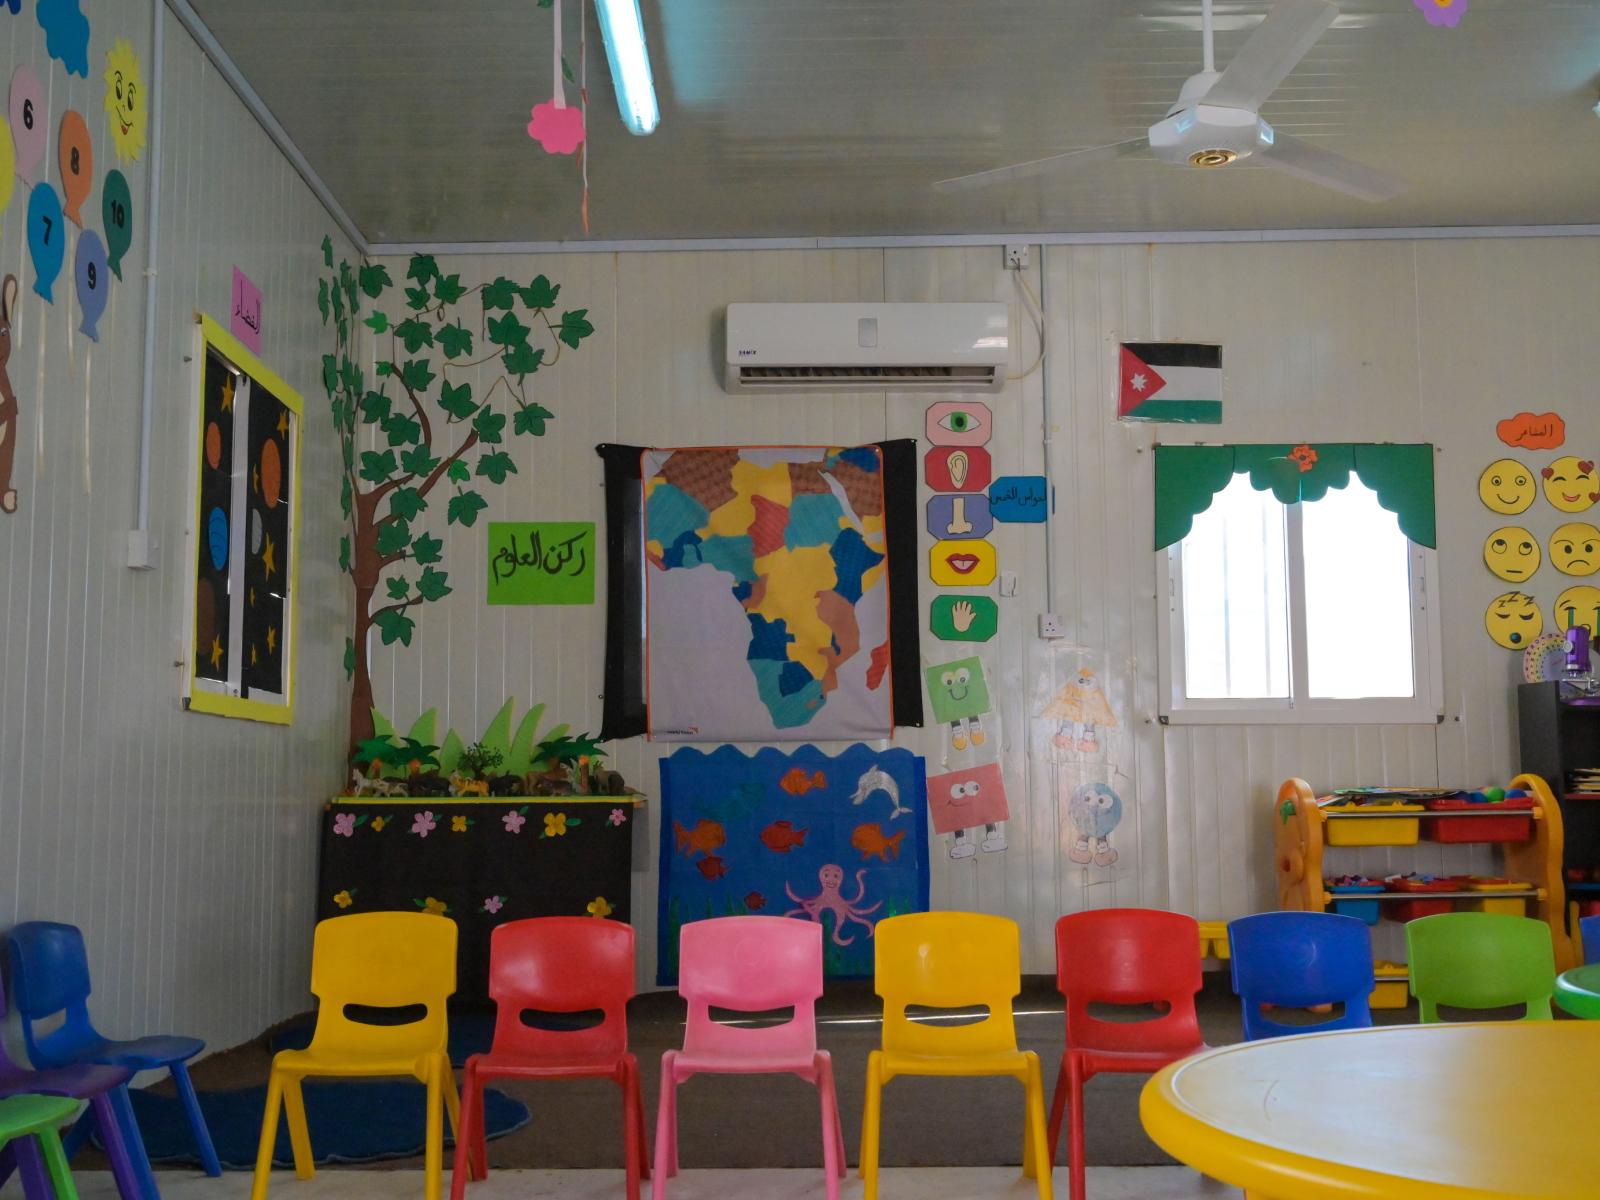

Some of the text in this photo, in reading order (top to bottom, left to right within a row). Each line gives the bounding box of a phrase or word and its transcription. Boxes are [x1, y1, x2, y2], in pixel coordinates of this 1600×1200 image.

[23, 98, 34, 131] 6
[70, 146, 80, 176] 8
[111, 199, 125, 229] 10
[42, 215, 53, 246] 7
[87, 261, 97, 290] 9
[492, 530, 588, 586] ركن العلوم
☆ ☆ ☆ ☆ ☆
# [Your task]
Output all the material exactly. The pictures are to be left out.

# [Reply]
Some of the text in this photo, in reading order (top to bottom, left to right within a row). Each line gives the bounding box of a phrase or word and its transcription. Boxes are [x1, y1, x2, y2], in pixel coordinates of this 1600×1200 image.

[23, 98, 34, 131] 6
[70, 146, 80, 176] 8
[111, 199, 125, 229] 10
[42, 215, 53, 246] 7
[87, 261, 97, 290] 9
[492, 530, 588, 586] ركن العلوم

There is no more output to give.